Our goal from the beginning has been to plant a program sized church in Yukon, OK of at least 300-350 ASA. In addition to us as the clergy, the grant money allowed us to hire a part-time music minister and paid nursery staff from the start. Essentially, grant money allowed us to provide some staff before we could otherwise have afforded it. That is what grant money can buy. But money is useless without the vision and clarity of mission – without a passion for evangelism and including new people in the body of Christ.
Our grant money is spread out over 4-5 years and steps down as our congregation becomes financially self-sufficient. We are essentially a church plant and we are on our way to becoming a parish, but still have a lot of work to do.
Simply put, it takes money to do ministry. It takes dioceses and bishops willing to invest in people and resources. This is absolutely essential for re-starts and church plants. Maybe your diocese has it or maybe you will have to raise it. But money does follow mission. If God has planted a call in you to start a new church or to re-start a church, the money is out there. It just needs to be invited to be used for the Kingdom of God.
Maybe you are in a smaller church and wondering, “Is there a cheaper way to do re-vitalizations?” Absolutely. Get to work now. The harvest is plentiful, Jesus said. So spend some time reading the Apostle Paul and channel his urgency and zeal. Let’s get passionate about evangelism, about hospitality, about reaching out and including people. Let’s get intentional about our processes and practices! Let’s open ourselves to change and being flexible.
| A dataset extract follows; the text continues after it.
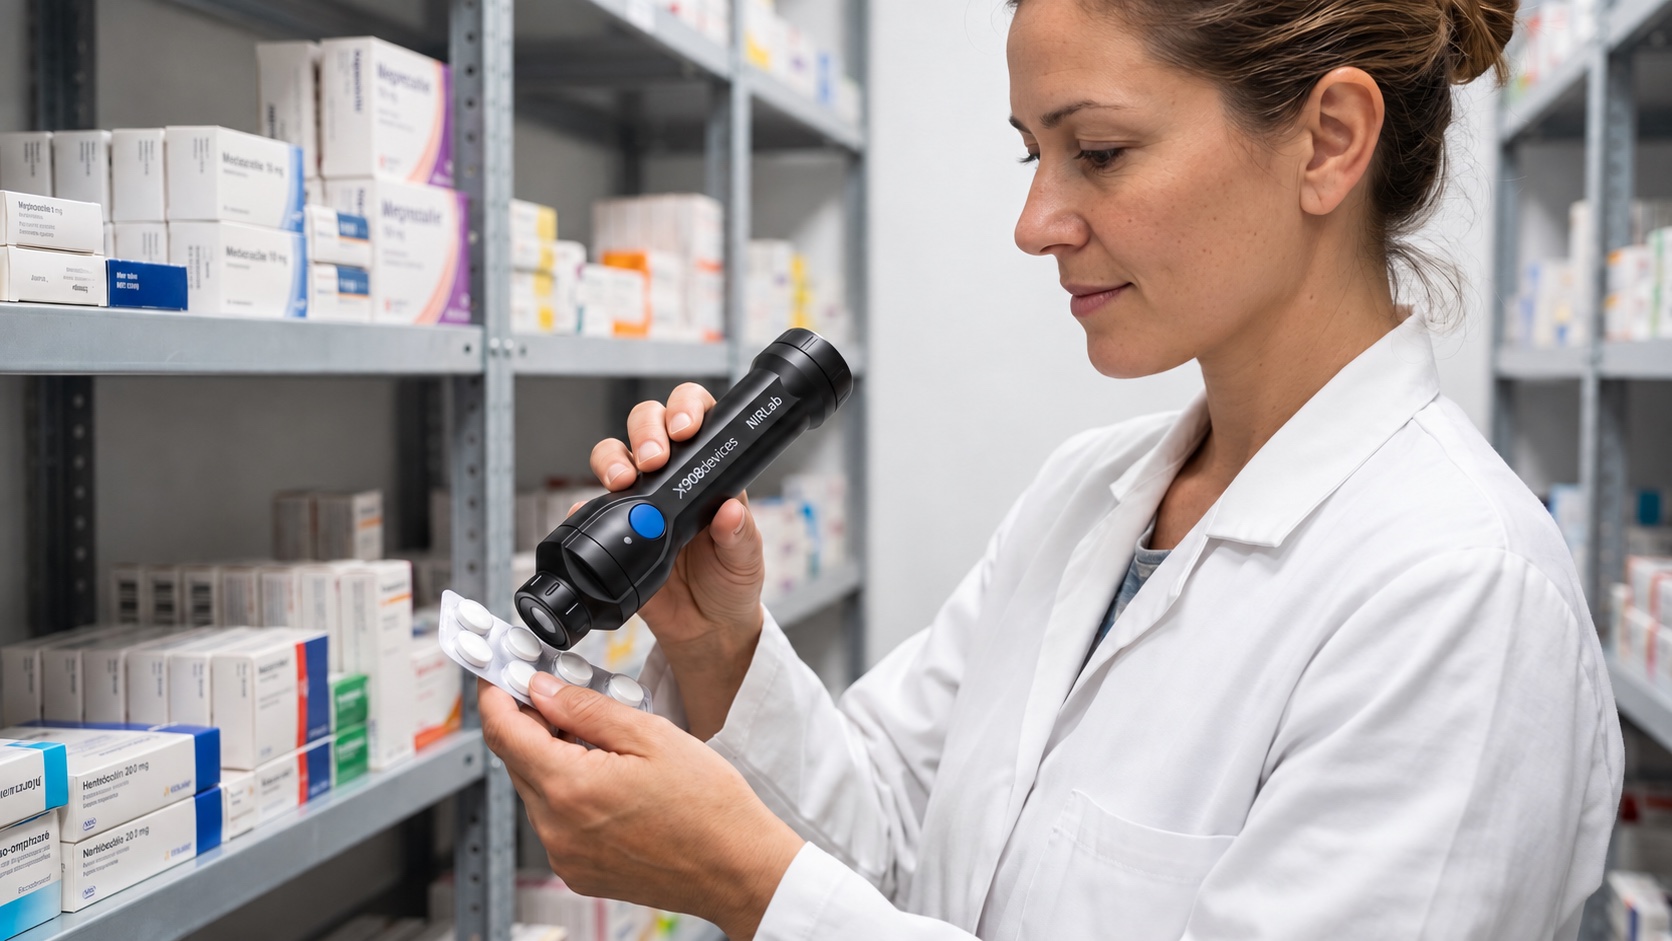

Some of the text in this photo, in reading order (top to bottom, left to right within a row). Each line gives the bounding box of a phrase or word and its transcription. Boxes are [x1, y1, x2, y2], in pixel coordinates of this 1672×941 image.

[745, 396, 783, 430] NIRLab
[138, 761, 149, 772] mg
[138, 826, 149, 837] mg
And let’s do it before we are so limited on people and financial resources that it takes an infusion of cash and a re-start to get things rolling!
Do we believe the Episcopal Church has Good News to share?
If so, then figure out what your church has to offer. If you aren’t passionate about your worship and ministry or you don’t know what your church does well, then no amount of money can help – only prayer and discernment. But figure out what you do well and what enlivens your congregation. Maybe it is a fantastic Outreach Ministry. Maybe it is connecting people to the Sacraments though inspiring and accessible worship (so many evangelicals are thirsty for this). Maybe it is your small group ministry or kid’s ministry. Whatever it is, do it well, and get excited about it.
Knowing what you have to offer is important. But also look around and see what your community needs. Where do your gifts align? Can you be a different kind of church in your city? Start hanging out with new people… get to know them for who they are… show them you want authentic Christ centered relationships. Invite. Welcome. Connect.